EXERCISE BRIEF: Each entry must be restated word for word, with nothing omitted.

EXTRACTED DATA:
========

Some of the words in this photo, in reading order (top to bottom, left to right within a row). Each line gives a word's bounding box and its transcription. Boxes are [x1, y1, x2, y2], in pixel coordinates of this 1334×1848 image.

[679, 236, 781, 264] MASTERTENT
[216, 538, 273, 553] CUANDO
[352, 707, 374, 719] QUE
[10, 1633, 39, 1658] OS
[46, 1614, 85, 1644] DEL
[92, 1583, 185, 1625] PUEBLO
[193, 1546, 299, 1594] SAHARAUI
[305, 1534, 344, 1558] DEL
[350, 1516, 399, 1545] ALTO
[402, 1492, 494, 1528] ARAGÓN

========

COMPLETED TASK:
Some of the words in this photo, in reading order (top to bottom, left to right within a row). Each line gives a word's bounding box and its transcription. Boxes are [x1, y1, x2, y2], in pixel coordinates of this 1334×1848 image.

[679, 236, 781, 264] MASTERTENT
[216, 538, 273, 553] CUANDO
[352, 707, 374, 719] QUE
[10, 1633, 39, 1658] OS
[46, 1614, 85, 1644] DEL
[92, 1583, 185, 1625] PUEBLO
[193, 1546, 299, 1594] SAHARAUI
[305, 1534, 344, 1558] DEL
[350, 1516, 399, 1545] ALTO
[402, 1492, 494, 1528] ARAGÓN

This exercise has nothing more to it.